- [Provided material]:
● ● ●

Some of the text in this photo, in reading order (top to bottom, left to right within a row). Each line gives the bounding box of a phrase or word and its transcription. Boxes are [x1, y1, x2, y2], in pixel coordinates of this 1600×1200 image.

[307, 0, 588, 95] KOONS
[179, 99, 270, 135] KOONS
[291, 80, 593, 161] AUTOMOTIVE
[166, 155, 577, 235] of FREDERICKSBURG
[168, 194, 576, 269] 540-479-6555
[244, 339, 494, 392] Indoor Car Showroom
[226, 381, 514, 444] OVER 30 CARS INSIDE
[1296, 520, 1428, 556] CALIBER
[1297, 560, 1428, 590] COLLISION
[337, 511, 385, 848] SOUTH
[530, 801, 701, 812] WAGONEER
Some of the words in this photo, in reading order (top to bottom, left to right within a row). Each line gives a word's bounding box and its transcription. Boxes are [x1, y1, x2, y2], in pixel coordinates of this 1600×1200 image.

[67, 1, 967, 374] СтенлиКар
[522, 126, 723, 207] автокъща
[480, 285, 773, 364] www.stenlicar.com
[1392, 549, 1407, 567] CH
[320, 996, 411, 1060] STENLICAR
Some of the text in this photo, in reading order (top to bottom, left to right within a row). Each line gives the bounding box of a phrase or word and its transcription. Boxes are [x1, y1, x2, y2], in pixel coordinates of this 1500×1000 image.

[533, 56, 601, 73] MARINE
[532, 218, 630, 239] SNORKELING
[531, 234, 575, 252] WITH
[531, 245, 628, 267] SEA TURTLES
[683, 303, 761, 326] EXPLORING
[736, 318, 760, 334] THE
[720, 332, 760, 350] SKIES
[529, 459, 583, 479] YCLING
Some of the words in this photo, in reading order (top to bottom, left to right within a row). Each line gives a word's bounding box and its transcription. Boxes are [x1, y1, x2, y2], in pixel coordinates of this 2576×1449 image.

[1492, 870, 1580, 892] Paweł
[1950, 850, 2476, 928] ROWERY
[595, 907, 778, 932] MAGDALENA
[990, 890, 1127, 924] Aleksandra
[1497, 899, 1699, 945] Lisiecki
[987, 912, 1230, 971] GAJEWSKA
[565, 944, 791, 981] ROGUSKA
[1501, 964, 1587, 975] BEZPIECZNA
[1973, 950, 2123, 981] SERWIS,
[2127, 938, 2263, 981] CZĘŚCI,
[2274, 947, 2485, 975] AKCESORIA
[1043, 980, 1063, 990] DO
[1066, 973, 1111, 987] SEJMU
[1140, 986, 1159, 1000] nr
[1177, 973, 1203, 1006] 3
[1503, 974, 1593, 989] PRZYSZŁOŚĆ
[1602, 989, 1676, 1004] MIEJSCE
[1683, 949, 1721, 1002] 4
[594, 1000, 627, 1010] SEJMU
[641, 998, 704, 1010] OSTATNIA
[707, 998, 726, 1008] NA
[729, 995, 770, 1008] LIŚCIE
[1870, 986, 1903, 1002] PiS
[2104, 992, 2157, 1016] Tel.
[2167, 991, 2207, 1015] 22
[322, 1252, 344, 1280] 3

● ● ●

Output all of the data exactly as given.

- [Expected answer]:
Some of the text in this photo, in reading order (top to bottom, left to right within a row). Each line gives the bounding box of a phrase or word and its transcription. Boxes are [x1, y1, x2, y2], in pixel coordinates of this 1600×1200 image.

[307, 0, 588, 95] KOONS
[179, 99, 270, 135] KOONS
[291, 80, 593, 161] AUTOMOTIVE
[166, 155, 577, 235] of FREDERICKSBURG
[168, 194, 576, 269] 540-479-6555
[244, 339, 494, 392] Indoor Car Showroom
[226, 381, 514, 444] OVER 30 CARS INSIDE
[1296, 520, 1428, 556] CALIBER
[1297, 560, 1428, 590] COLLISION
[337, 511, 385, 848] SOUTH
[530, 801, 701, 812] WAGONEER
Some of the words in this photo, in reading order (top to bottom, left to right within a row). Each line gives a word's bounding box and its transcription. Boxes are [x1, y1, x2, y2], in pixel coordinates of this 1600×1200 image.

[67, 1, 967, 374] СтенлиКар
[522, 126, 723, 207] автокъща
[480, 285, 773, 364] www.stenlicar.com
[1392, 549, 1407, 567] CH
[320, 996, 411, 1060] STENLICAR
Some of the text in this photo, in reading order (top to bottom, left to right within a row). Each line gives the bounding box of a phrase or word and its transcription. Boxes are [x1, y1, x2, y2], in pixel coordinates of this 1500×1000 image.

[533, 56, 601, 73] MARINE
[532, 218, 630, 239] SNORKELING
[531, 234, 575, 252] WITH
[531, 245, 628, 267] SEA TURTLES
[683, 303, 761, 326] EXPLORING
[736, 318, 760, 334] THE
[720, 332, 760, 350] SKIES
[529, 459, 583, 479] YCLING
Some of the words in this photo, in reading order (top to bottom, left to right within a row). Each line gives a word's bounding box and its transcription. Boxes are [x1, y1, x2, y2], in pixel coordinates of this 2576×1449 image.

[1492, 870, 1580, 892] Paweł
[1950, 850, 2476, 928] ROWERY
[595, 907, 778, 932] MAGDALENA
[990, 890, 1127, 924] Aleksandra
[1497, 899, 1699, 945] Lisiecki
[987, 912, 1230, 971] GAJEWSKA
[565, 944, 791, 981] ROGUSKA
[1501, 964, 1587, 975] BEZPIECZNA
[1973, 950, 2123, 981] SERWIS,
[2127, 938, 2263, 981] CZĘŚCI,
[2274, 947, 2485, 975] AKCESORIA
[1043, 980, 1063, 990] DO
[1066, 973, 1111, 987] SEJMU
[1140, 986, 1159, 1000] nr
[1177, 973, 1203, 1006] 3
[1503, 974, 1593, 989] PRZYSZŁOŚĆ
[1602, 989, 1676, 1004] MIEJSCE
[1683, 949, 1721, 1002] 4
[594, 1000, 627, 1010] SEJMU
[641, 998, 704, 1010] OSTATNIA
[707, 998, 726, 1008] NA
[729, 995, 770, 1008] LIŚCIE
[1870, 986, 1903, 1002] PiS
[2104, 992, 2157, 1016] Tel.
[2167, 991, 2207, 1015] 22
[322, 1252, 344, 1280] 3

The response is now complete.